[SUPPLIED INFORMATION]

Segment Open

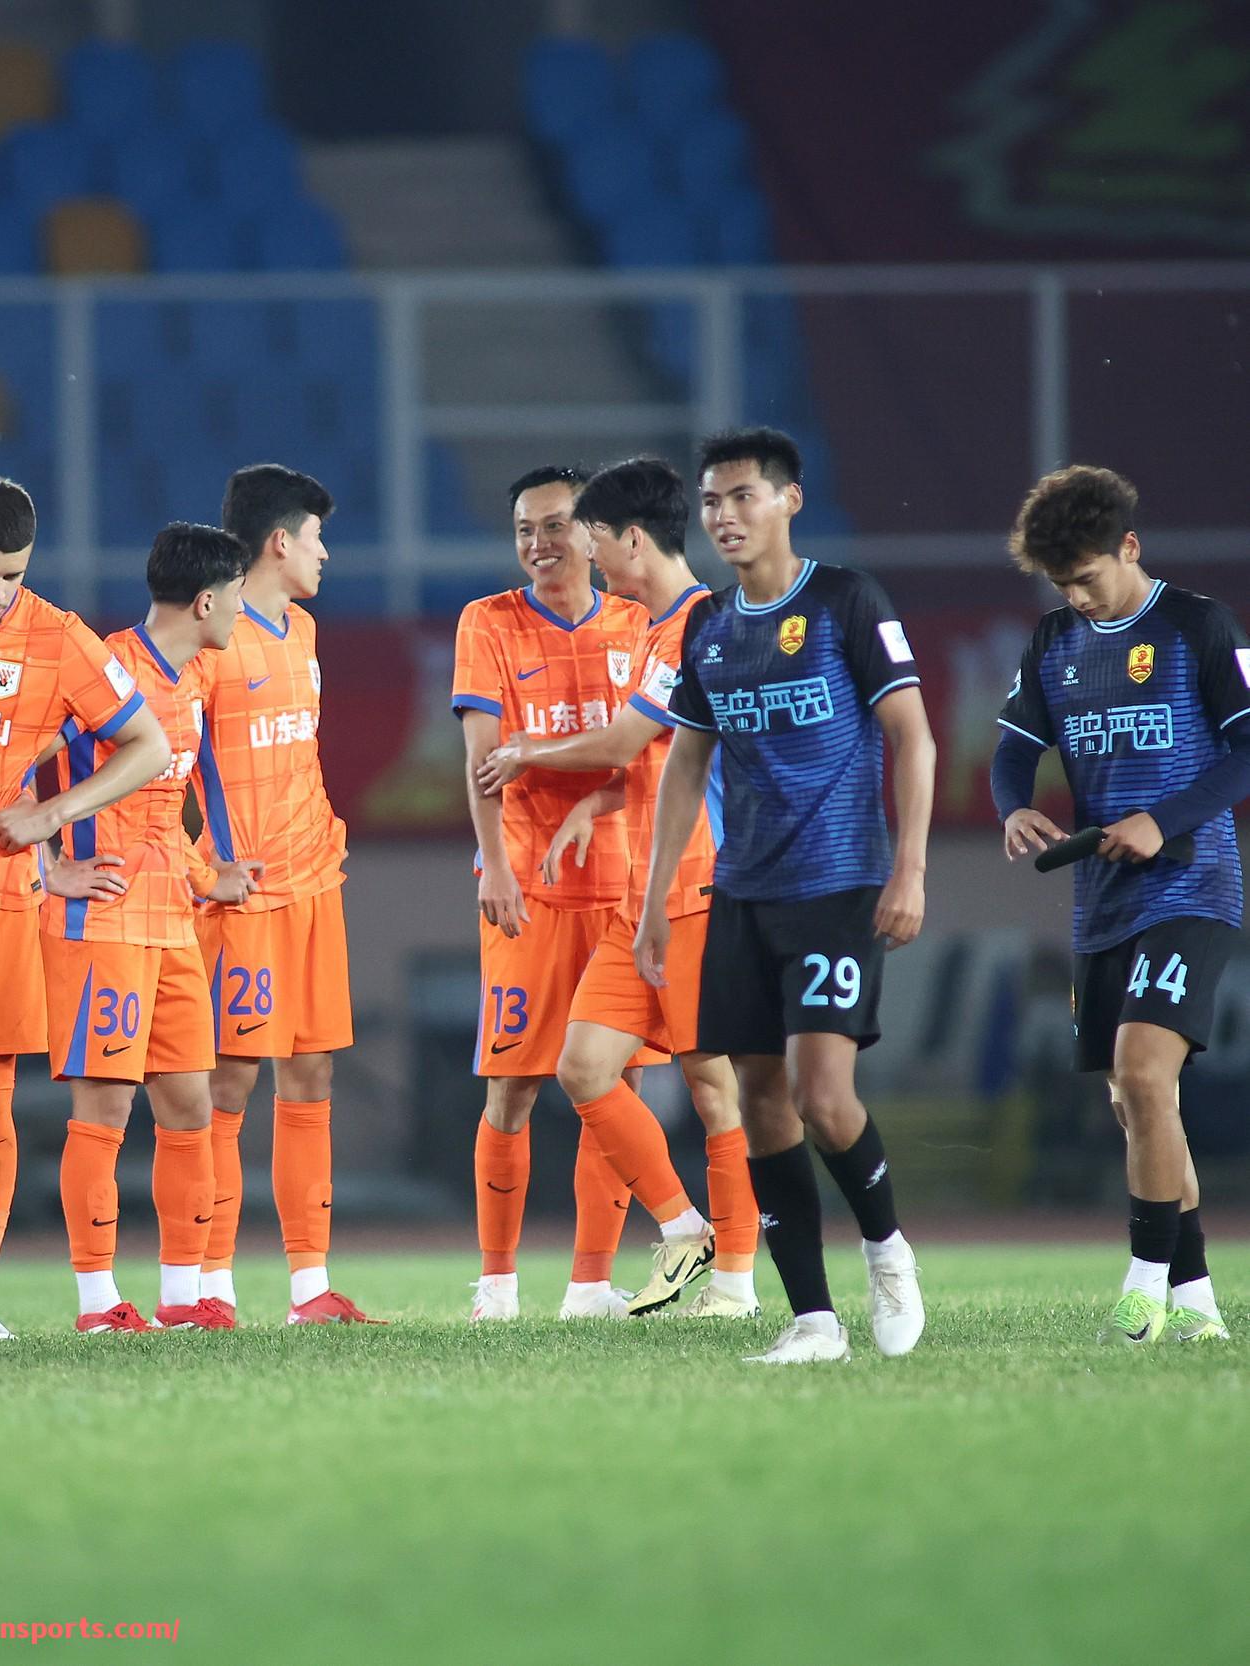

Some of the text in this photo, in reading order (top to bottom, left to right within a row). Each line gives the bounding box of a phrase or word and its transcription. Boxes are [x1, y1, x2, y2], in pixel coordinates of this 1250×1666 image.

[250, 709, 320, 749] 山东泰
[227, 966, 273, 1016] 28
[801, 953, 861, 1009] 29
[1127, 952, 1188, 1004] 44
[93, 988, 141, 1039] 30
[491, 986, 528, 1035] 13

Segment Closed

[TASK DESCRIPTION] Reproduce the material exactly. Pictures stay out.

[WRITTEN ANSWER]
Some of the text in this photo, in reading order (top to bottom, left to right within a row). Each line gives the bounding box of a phrase or word and its transcription. Boxes are [x1, y1, x2, y2], in pixel coordinates of this 1250×1666 image.

[250, 709, 320, 749] 山东泰
[227, 966, 273, 1016] 28
[801, 953, 861, 1009] 29
[1127, 952, 1188, 1004] 44
[93, 988, 141, 1039] 30
[491, 986, 528, 1035] 13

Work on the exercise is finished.